Anthropic uncertainty in the Evidential Blackmail

I’m currently writing a piece on anthropic uncertainty in Newcomb problems. The idea is that whenever someone simulates us to predict our actions, this leads us to have anthropic uncertainty about whether we’re in this simulation or not. (If we knew whether we were in the real world or in the simulation, then the simulation wouldn’t fulfill its purpose anymore.) This kind of reasoning changes quite a lot about the answers that decision theories give in predictive dilemmas. It makes their reasoning “more updateless”, since they reason from a more impartial stance: a stance from which they don’t know their exact position in the thought experiment, yet.

This topic isn’t new, but it hasn’t been discussed in-depth before. As far as I am aware, it has been brought up on LessWrong by gRR and in two blog posts by Stuart Armstrong. Outside LessWrong, there is a post by Scott Aaronson, and one by Andrew Critch.
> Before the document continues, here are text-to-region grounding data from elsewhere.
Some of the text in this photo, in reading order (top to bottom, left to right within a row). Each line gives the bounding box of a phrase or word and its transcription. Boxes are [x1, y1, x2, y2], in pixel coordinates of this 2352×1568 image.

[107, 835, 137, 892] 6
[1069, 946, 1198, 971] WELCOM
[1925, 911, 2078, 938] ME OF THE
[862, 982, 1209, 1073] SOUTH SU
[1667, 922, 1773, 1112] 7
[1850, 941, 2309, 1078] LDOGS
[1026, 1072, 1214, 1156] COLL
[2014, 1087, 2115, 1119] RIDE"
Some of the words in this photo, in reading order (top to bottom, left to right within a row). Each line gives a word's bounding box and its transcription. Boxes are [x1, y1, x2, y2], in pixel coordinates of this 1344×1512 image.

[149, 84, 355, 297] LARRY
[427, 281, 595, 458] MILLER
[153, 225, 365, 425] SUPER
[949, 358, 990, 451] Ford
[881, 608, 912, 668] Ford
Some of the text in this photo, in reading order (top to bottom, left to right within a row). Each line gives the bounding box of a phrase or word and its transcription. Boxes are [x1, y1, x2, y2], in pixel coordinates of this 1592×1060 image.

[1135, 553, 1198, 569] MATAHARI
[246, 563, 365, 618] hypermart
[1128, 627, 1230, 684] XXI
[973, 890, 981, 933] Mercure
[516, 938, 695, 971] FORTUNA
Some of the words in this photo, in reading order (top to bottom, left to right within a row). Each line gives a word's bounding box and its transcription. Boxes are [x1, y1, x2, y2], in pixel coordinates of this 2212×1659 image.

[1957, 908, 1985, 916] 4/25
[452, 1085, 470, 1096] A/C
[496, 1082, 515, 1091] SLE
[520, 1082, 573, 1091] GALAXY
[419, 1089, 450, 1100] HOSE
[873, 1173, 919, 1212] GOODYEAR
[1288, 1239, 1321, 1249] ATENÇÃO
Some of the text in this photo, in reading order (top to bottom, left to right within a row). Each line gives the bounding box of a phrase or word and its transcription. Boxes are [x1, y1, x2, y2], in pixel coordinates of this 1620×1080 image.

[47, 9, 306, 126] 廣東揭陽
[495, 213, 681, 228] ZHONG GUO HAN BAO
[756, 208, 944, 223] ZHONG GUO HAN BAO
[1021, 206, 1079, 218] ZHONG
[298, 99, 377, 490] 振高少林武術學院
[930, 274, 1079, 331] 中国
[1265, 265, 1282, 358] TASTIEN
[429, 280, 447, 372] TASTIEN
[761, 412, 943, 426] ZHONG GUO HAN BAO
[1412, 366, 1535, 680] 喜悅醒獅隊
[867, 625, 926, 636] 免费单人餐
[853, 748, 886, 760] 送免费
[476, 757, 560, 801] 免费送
The idea is also mentioned in passing by Neal (2006, p. 13). Are there any other sources and discussions of it that I have overlooked?

In this post, I examine what the assumption that predictions or simulations lead to anthropic uncertainty implies for the Evidential Blackmail (also XOR Blackmail), a problem which is often presented as a counter-example to evidential decision theory (EDT) (Cf. Soares & Fallenstein, 2015, p. 5; Soares & Levinstein, 2017, pp. 3–4). A similar problem has been introduced as “Yankees vs. Red Sox” by Arntzenius (2008), and discussed by Ahmed and Price (2012). I would be very grateful for any kind of feedback on my post.

We could formalize the blackmailer’s procedure in the Evidential Blackmail something like this:

def blackmailer(): your_action = your_policy(receive_letter) if predict_stock() == “retain” and your_action == “pay”: return “letter” elif predict_stock() == “fall” and your_action == “not pay”: return “letter” else return “no letter”

Let p denote the probability P(retain) with which our stock retains its value a. The blackmailer asks us for an amount of money b, where 0<b<a. The ex ante expected utilities are now:

EU(pay) = P(letter|pay) * (a – b) + P(no letter & retain|pay) * a = p (a – b),

EU(not pay) = P(no letter & retain|not pay) * a = p a.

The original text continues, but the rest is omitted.